A La Motte d'Huismes, le site occupe le sommet de l'éperon qui domine au nord la vallée de la Loire et au sud un petit affluent. Le matériel lithique n'est connu que par des ramassages de surface. A Loché-sur-Indrois, le site de la Perrotière a été découvert grâce au matériel qui a été ramené en surface par les labours. Comme à Huismes, aucune couche en place n'a été observée.

C'est à l'occasion de sondages sur le site de la Creusette à Barrou qu'un ensemble de trois amas de taille a été découvert. Le nucléus et les lames à crête, indiquent que ce matériel lithique est à rattacher au Magdalénien récent.
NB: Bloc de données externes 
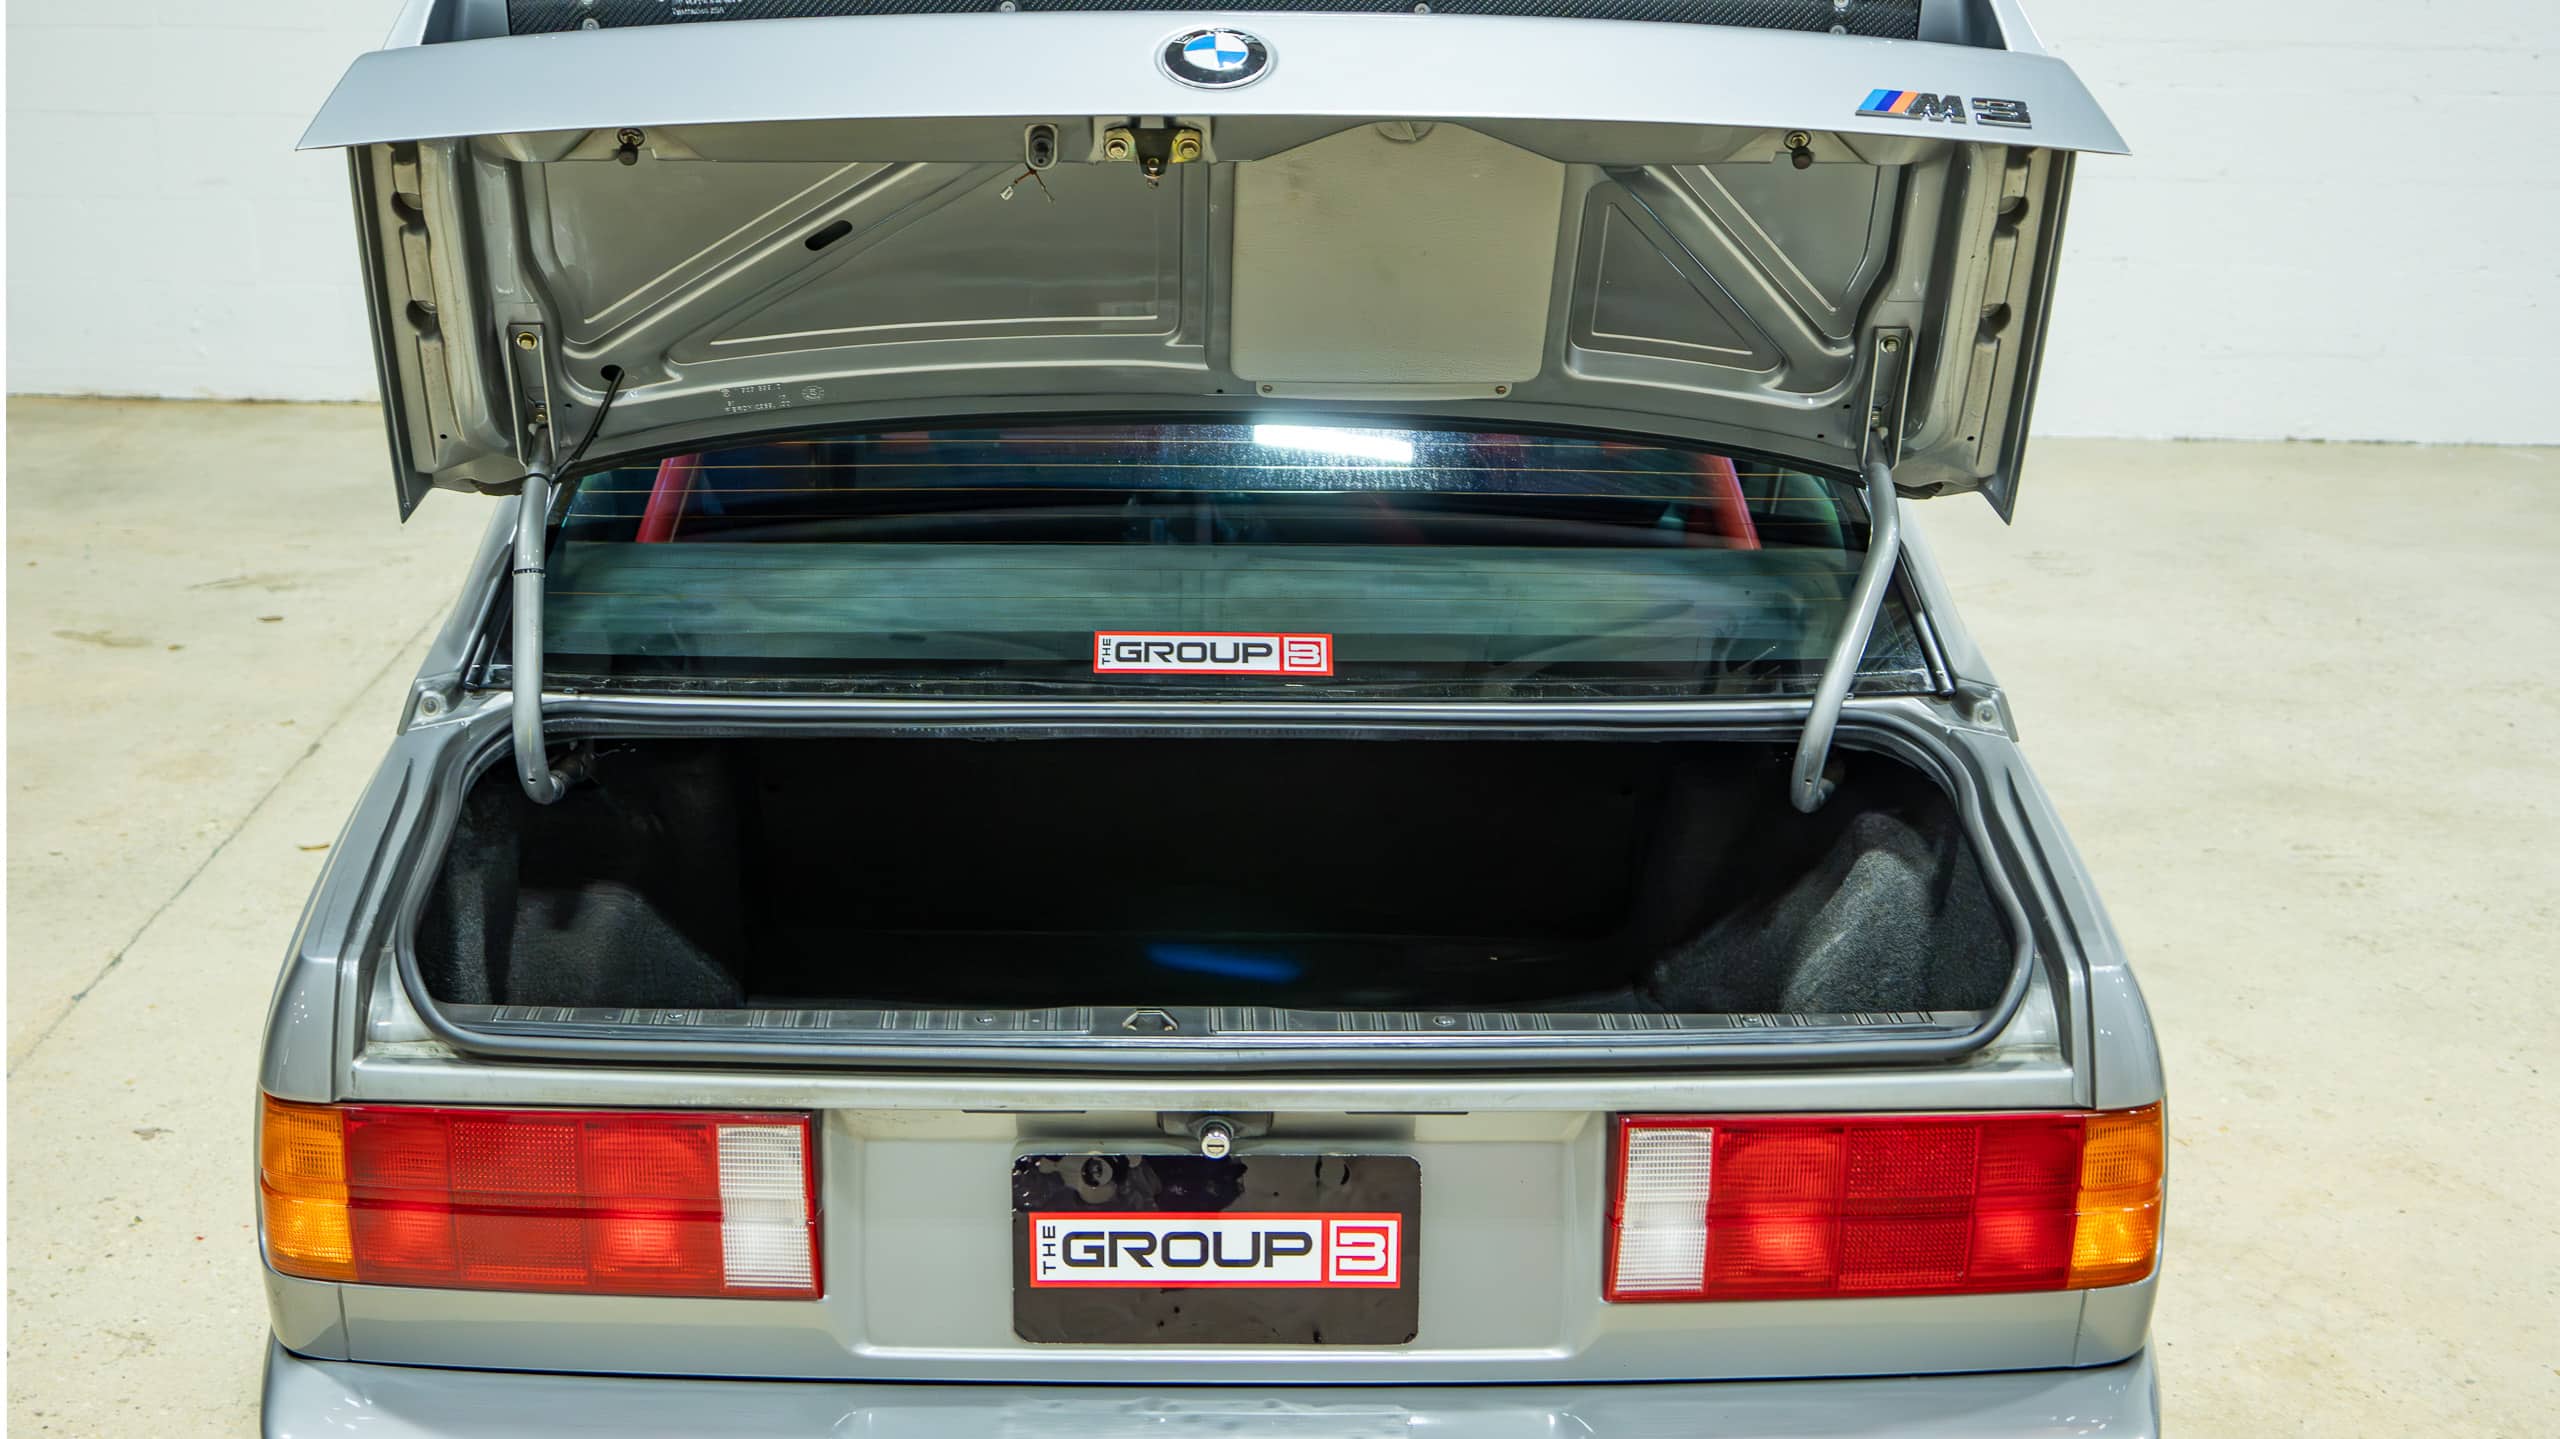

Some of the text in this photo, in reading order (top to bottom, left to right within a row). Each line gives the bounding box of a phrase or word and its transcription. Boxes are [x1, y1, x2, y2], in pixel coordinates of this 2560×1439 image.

[1905, 93, 2032, 129] M3
[1101, 637, 1112, 666] THE
[1114, 641, 1273, 664] GROUP
[1042, 1224, 1387, 1275] THE GROUP 3
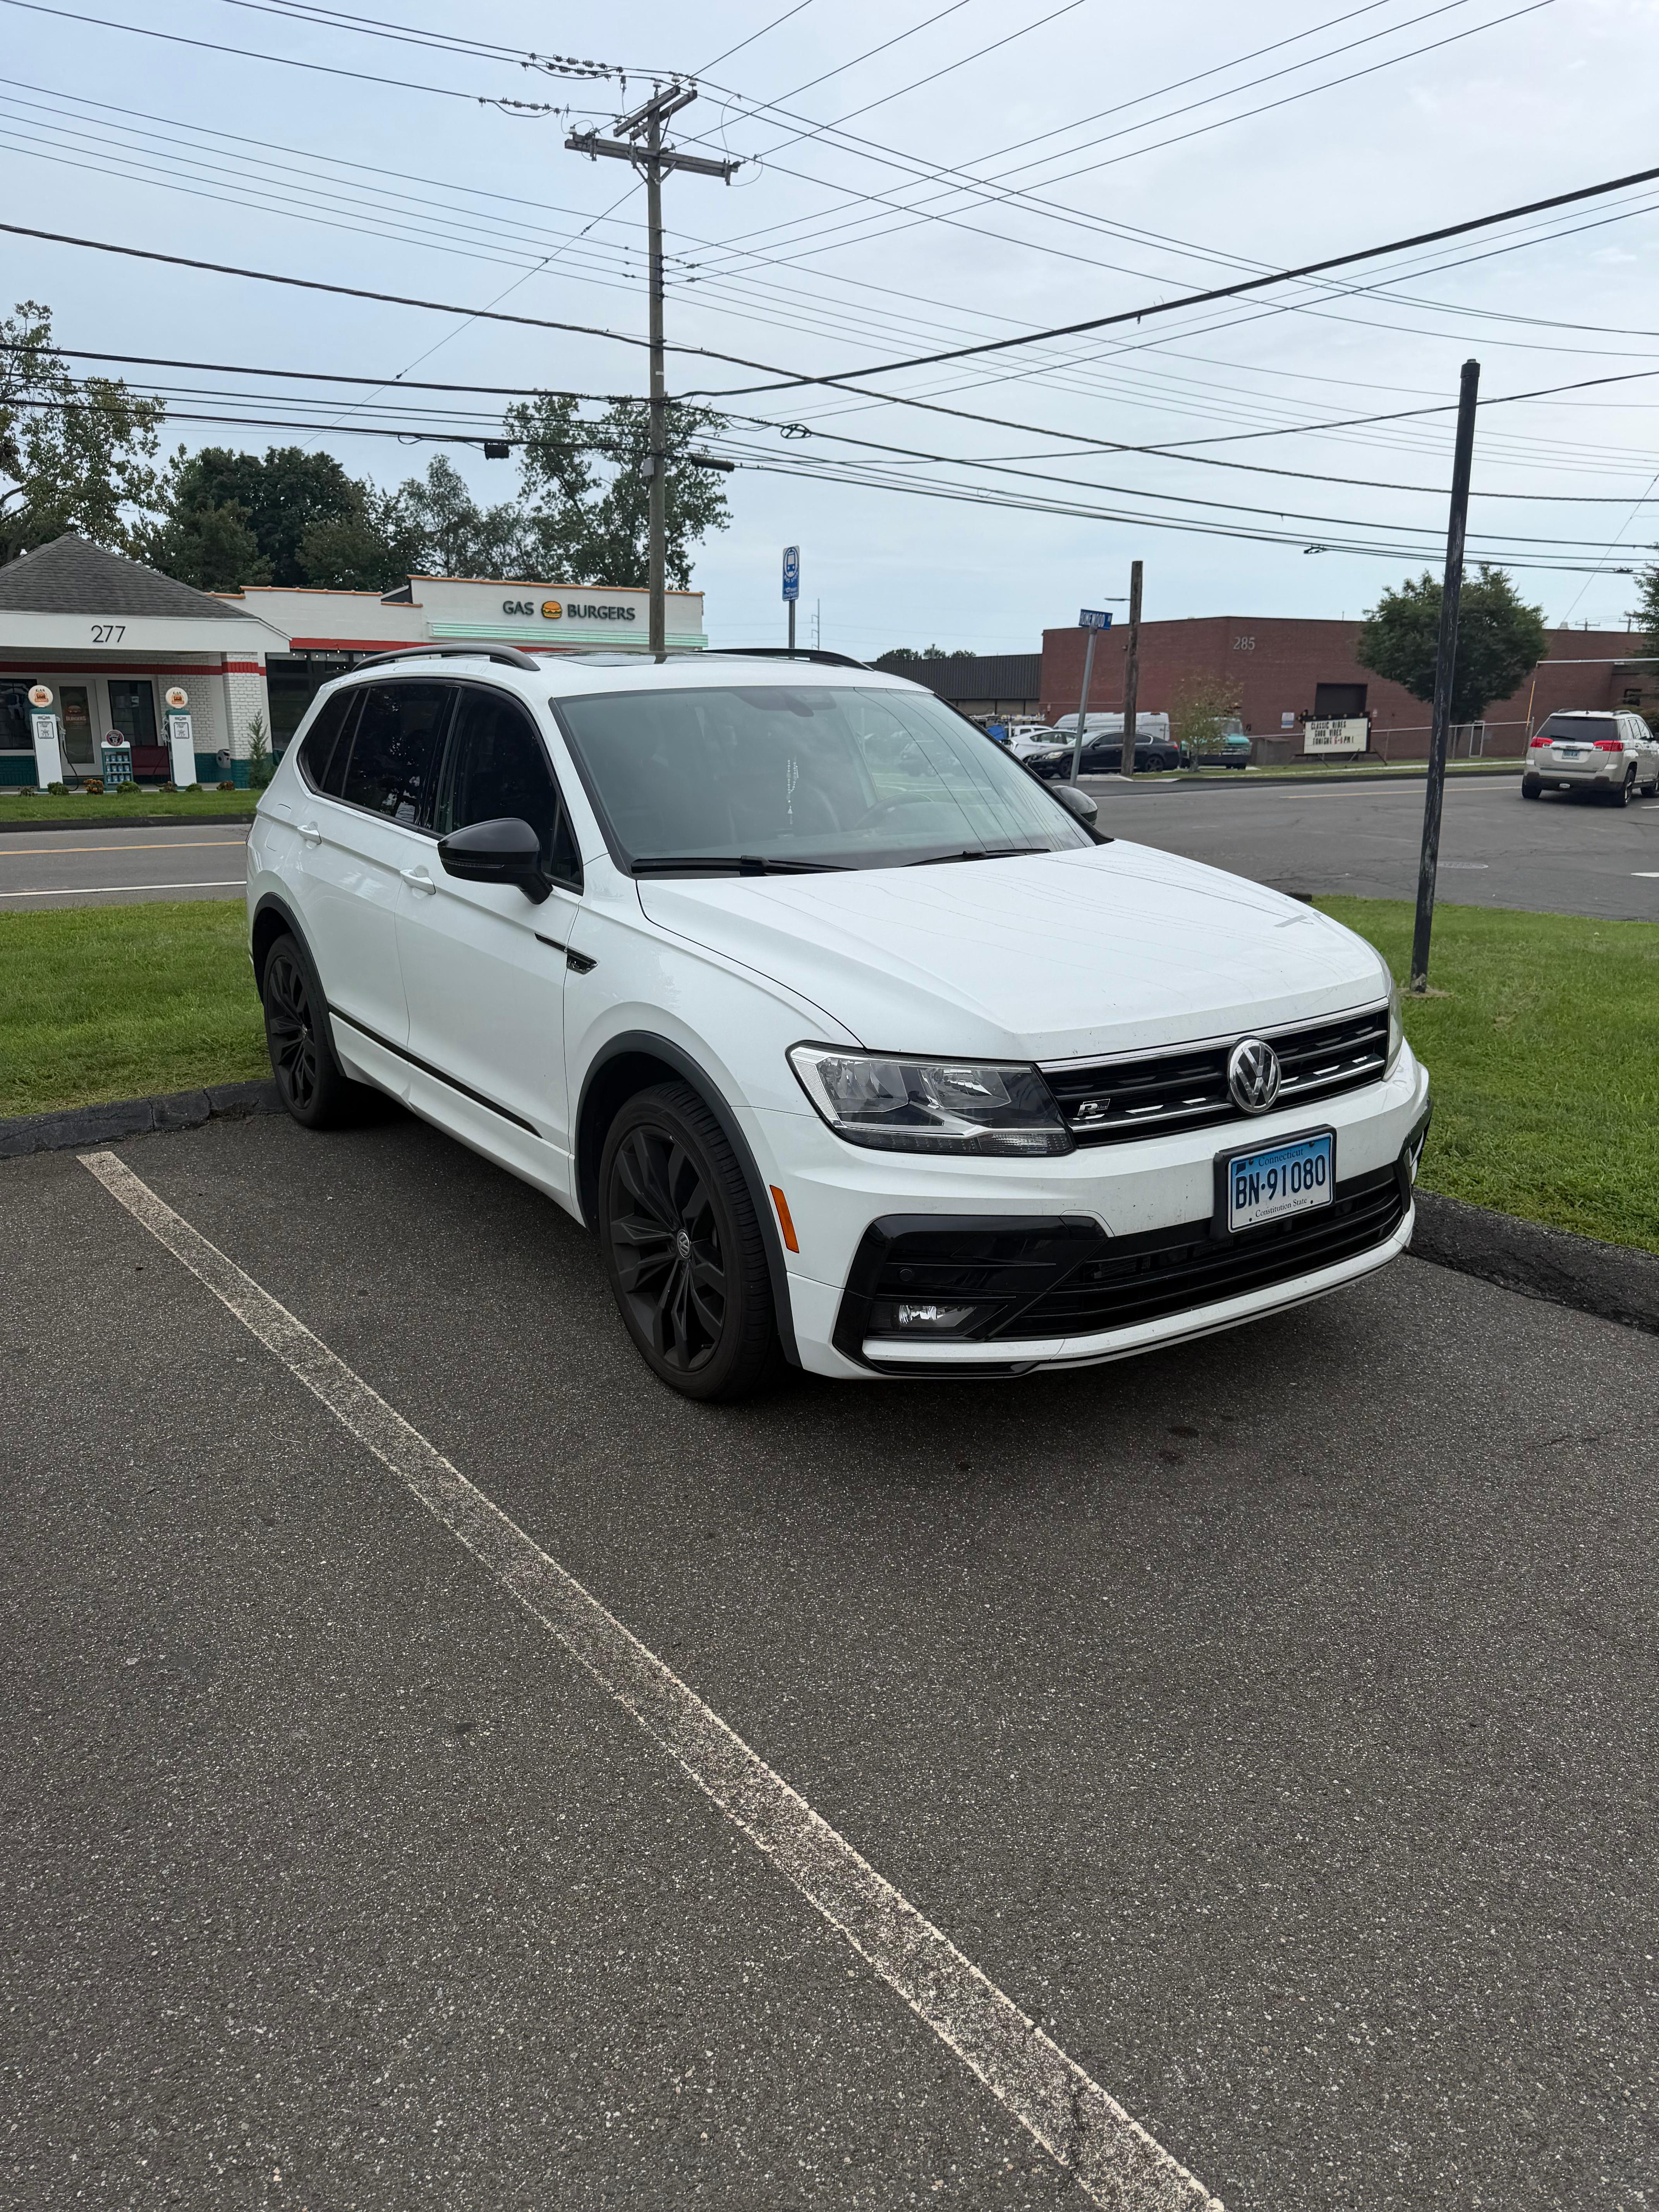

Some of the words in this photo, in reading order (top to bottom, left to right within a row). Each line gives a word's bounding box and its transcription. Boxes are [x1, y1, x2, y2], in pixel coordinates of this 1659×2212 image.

A Chaumussay, au lieu-dit Le Lavier, une couche archéologique a donné un grand nombre de silex taillés associés à de nombreux restes de charbon de bois. Comme à la Creusette, le matériel découvert permet de formuler l'hypothèse d'une halte de chasseurs magdaléniens.

Encore à Chaumussay, au lieu-dit Bénagu, le creusement d'un fossé a permis la découverte de trois amas de taille, d'assez nombreux outils et divers objets. De nombreux remontages ont été réalisés. Les burins ont servi sur place ainsi que l'attestent les traces d'utilisation. La qualité du débitage laminaire, la typologie des outils et notamment des burins, permettent de rattacher ce site au Magdalénien récent.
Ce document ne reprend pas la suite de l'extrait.